| TASK REQUIREMENTS |
Print every record word for word.

___ SUPPLIED DATA ___

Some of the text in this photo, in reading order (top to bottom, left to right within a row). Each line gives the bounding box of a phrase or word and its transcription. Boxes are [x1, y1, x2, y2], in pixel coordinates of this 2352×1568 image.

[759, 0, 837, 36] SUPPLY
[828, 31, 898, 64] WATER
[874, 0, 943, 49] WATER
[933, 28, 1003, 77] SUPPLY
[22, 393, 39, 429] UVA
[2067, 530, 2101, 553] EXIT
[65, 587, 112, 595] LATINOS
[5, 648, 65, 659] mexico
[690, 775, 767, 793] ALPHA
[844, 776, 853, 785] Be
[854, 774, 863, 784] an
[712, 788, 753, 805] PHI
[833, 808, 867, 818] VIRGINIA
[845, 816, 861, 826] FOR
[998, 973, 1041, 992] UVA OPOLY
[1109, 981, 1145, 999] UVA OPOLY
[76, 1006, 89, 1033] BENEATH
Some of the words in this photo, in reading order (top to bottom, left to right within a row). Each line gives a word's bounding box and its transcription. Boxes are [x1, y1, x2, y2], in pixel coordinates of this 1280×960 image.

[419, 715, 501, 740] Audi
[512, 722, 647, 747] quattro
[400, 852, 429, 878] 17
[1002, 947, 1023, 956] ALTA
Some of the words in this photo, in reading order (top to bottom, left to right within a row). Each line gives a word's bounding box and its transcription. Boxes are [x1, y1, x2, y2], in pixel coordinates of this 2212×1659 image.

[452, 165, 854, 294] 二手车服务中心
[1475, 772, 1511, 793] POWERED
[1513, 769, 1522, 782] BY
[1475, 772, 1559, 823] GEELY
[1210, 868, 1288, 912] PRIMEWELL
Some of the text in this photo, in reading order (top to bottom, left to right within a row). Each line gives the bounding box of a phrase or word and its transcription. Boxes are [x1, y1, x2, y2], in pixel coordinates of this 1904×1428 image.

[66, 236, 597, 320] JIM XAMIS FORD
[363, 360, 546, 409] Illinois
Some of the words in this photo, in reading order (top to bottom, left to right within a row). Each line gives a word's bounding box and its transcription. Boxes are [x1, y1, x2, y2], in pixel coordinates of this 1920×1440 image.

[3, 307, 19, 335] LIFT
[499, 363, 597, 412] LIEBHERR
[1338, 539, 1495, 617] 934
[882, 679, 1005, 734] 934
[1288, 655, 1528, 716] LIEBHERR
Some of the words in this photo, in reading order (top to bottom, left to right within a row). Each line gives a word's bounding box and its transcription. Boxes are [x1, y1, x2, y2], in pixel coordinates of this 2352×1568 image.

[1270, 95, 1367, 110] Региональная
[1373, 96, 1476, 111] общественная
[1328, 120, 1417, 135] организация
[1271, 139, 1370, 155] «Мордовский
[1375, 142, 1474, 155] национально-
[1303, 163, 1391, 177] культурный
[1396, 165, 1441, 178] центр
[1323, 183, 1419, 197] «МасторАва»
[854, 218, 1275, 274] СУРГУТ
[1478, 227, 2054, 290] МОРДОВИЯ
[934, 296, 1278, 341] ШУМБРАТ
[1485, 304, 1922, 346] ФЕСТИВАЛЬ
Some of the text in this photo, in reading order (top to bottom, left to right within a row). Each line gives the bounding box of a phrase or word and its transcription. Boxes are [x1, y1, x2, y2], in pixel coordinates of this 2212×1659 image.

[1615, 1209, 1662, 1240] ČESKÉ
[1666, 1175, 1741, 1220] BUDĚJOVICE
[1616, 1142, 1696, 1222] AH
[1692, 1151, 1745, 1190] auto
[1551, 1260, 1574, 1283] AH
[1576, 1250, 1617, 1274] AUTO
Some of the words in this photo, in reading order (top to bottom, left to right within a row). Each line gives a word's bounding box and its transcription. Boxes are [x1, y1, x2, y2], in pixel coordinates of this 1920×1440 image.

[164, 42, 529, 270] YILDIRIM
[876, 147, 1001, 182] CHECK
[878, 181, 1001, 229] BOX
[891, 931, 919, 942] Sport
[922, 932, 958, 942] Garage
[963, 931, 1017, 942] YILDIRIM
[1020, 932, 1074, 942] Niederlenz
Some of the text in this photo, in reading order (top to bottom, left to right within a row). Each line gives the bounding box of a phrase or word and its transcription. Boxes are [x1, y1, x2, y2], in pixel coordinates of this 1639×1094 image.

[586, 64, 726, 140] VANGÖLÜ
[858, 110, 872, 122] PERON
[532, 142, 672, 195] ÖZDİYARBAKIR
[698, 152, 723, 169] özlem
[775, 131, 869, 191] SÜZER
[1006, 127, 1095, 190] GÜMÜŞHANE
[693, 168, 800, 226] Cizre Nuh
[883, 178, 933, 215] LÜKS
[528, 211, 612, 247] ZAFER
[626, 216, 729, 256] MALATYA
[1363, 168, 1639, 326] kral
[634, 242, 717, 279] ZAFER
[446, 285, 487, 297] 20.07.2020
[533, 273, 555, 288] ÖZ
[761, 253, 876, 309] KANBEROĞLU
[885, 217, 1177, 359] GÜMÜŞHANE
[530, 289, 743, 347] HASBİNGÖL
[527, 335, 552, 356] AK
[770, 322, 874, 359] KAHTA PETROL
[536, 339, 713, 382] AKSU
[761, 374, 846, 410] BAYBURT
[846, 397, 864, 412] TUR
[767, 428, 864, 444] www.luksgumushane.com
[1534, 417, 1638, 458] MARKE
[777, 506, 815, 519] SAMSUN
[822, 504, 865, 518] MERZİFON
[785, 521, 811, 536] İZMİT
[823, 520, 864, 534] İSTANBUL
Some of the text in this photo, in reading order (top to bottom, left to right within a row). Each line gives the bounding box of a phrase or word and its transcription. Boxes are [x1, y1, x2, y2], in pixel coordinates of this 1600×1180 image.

___

| EXERCISE RESPONSE |
Some of the text in this photo, in reading order (top to bottom, left to right within a row). Each line gives the bounding box of a phrase or word and its transcription. Boxes are [x1, y1, x2, y2], in pixel coordinates of this 2352×1568 image.

[759, 0, 837, 36] SUPPLY
[828, 31, 898, 64] WATER
[874, 0, 943, 49] WATER
[933, 28, 1003, 77] SUPPLY
[22, 393, 39, 429] UVA
[2067, 530, 2101, 553] EXIT
[65, 587, 112, 595] LATINOS
[5, 648, 65, 659] mexico
[690, 775, 767, 793] ALPHA
[844, 776, 853, 785] Be
[854, 774, 863, 784] an
[712, 788, 753, 805] PHI
[833, 808, 867, 818] VIRGINIA
[845, 816, 861, 826] FOR
[998, 973, 1041, 992] UVA OPOLY
[1109, 981, 1145, 999] UVA OPOLY
[76, 1006, 89, 1033] BENEATH
Some of the words in this photo, in reading order (top to bottom, left to right within a row). Each line gives a word's bounding box and its transcription. Boxes are [x1, y1, x2, y2], in pixel coordinates of this 1280×960 image.

[419, 715, 501, 740] Audi
[512, 722, 647, 747] quattro
[400, 852, 429, 878] 17
[1002, 947, 1023, 956] ALTA
Some of the words in this photo, in reading order (top to bottom, left to right within a row). Each line gives a word's bounding box and its transcription. Boxes are [x1, y1, x2, y2], in pixel coordinates of this 2212×1659 image.

[452, 165, 854, 294] 二手车服务中心
[1475, 772, 1511, 793] POWERED
[1513, 769, 1522, 782] BY
[1475, 772, 1559, 823] GEELY
[1210, 868, 1288, 912] PRIMEWELL
Some of the text in this photo, in reading order (top to bottom, left to right within a row). Each line gives the bounding box of a phrase or word and its transcription. Boxes are [x1, y1, x2, y2], in pixel coordinates of this 1904×1428 image.

[66, 236, 597, 320] JIM XAMIS FORD
[363, 360, 546, 409] Illinois
Some of the words in this photo, in reading order (top to bottom, left to right within a row). Each line gives a word's bounding box and its transcription. Boxes are [x1, y1, x2, y2], in pixel coordinates of this 1920×1440 image.

[3, 307, 19, 335] LIFT
[499, 363, 597, 412] LIEBHERR
[1338, 539, 1495, 617] 934
[882, 679, 1005, 734] 934
[1288, 655, 1528, 716] LIEBHERR
Some of the words in this photo, in reading order (top to bottom, left to right within a row). Each line gives a word's bounding box and its transcription. Boxes are [x1, y1, x2, y2], in pixel coordinates of this 2352×1568 image.

[1270, 95, 1367, 110] Региональная
[1373, 96, 1476, 111] общественная
[1328, 120, 1417, 135] организация
[1271, 139, 1370, 155] «Мордовский
[1375, 142, 1474, 155] национально-
[1303, 163, 1391, 177] культурный
[1396, 165, 1441, 178] центр
[1323, 183, 1419, 197] «МасторАва»
[854, 218, 1275, 274] СУРГУТ
[1478, 227, 2054, 290] МОРДОВИЯ
[934, 296, 1278, 341] ШУМБРАТ
[1485, 304, 1922, 346] ФЕСТИВАЛЬ
Some of the text in this photo, in reading order (top to bottom, left to right within a row). Each line gives the bounding box of a phrase or word and its transcription. Boxes are [x1, y1, x2, y2], in pixel coordinates of this 2212×1659 image.

[1615, 1209, 1662, 1240] ČESKÉ
[1666, 1175, 1741, 1220] BUDĚJOVICE
[1616, 1142, 1696, 1222] AH
[1692, 1151, 1745, 1190] auto
[1551, 1260, 1574, 1283] AH
[1576, 1250, 1617, 1274] AUTO
Some of the words in this photo, in reading order (top to bottom, left to right within a row). Each line gives a word's bounding box and its transcription. Boxes are [x1, y1, x2, y2], in pixel coordinates of this 1920×1440 image.

[164, 42, 529, 270] YILDIRIM
[876, 147, 1001, 182] CHECK
[878, 181, 1001, 229] BOX
[891, 931, 919, 942] Sport
[922, 932, 958, 942] Garage
[963, 931, 1017, 942] YILDIRIM
[1020, 932, 1074, 942] Niederlenz
Some of the text in this photo, in reading order (top to bottom, left to right within a row). Each line gives the bounding box of a phrase or word and its transcription. Boxes are [x1, y1, x2, y2], in pixel coordinates of this 1639×1094 image.

[586, 64, 726, 140] VANGÖLÜ
[858, 110, 872, 122] PERON
[532, 142, 672, 195] ÖZDİYARBAKIR
[698, 152, 723, 169] özlem
[775, 131, 869, 191] SÜZER
[1006, 127, 1095, 190] GÜMÜŞHANE
[693, 168, 800, 226] Cizre Nuh
[883, 178, 933, 215] LÜKS
[528, 211, 612, 247] ZAFER
[626, 216, 729, 256] MALATYA
[1363, 168, 1639, 326] kral
[634, 242, 717, 279] ZAFER
[446, 285, 487, 297] 20.07.2020
[533, 273, 555, 288] ÖZ
[761, 253, 876, 309] KANBEROĞLU
[885, 217, 1177, 359] GÜMÜŞHANE
[530, 289, 743, 347] HASBİNGÖL
[527, 335, 552, 356] AK
[770, 322, 874, 359] KAHTA PETROL
[536, 339, 713, 382] AKSU
[761, 374, 846, 410] BAYBURT
[846, 397, 864, 412] TUR
[767, 428, 864, 444] www.luksgumushane.com
[1534, 417, 1638, 458] MARKE
[777, 506, 815, 519] SAMSUN
[822, 504, 865, 518] MERZİFON
[785, 521, 811, 536] İZMİT
[823, 520, 864, 534] İSTANBUL
Some of the text in this photo, in reading order (top to bottom, left to right within a row). Each line gives the bounding box of a phrase or word and its transcription. Boxes are [x1, y1, x2, y2], in pixel coordinates of this 1600×1180 image.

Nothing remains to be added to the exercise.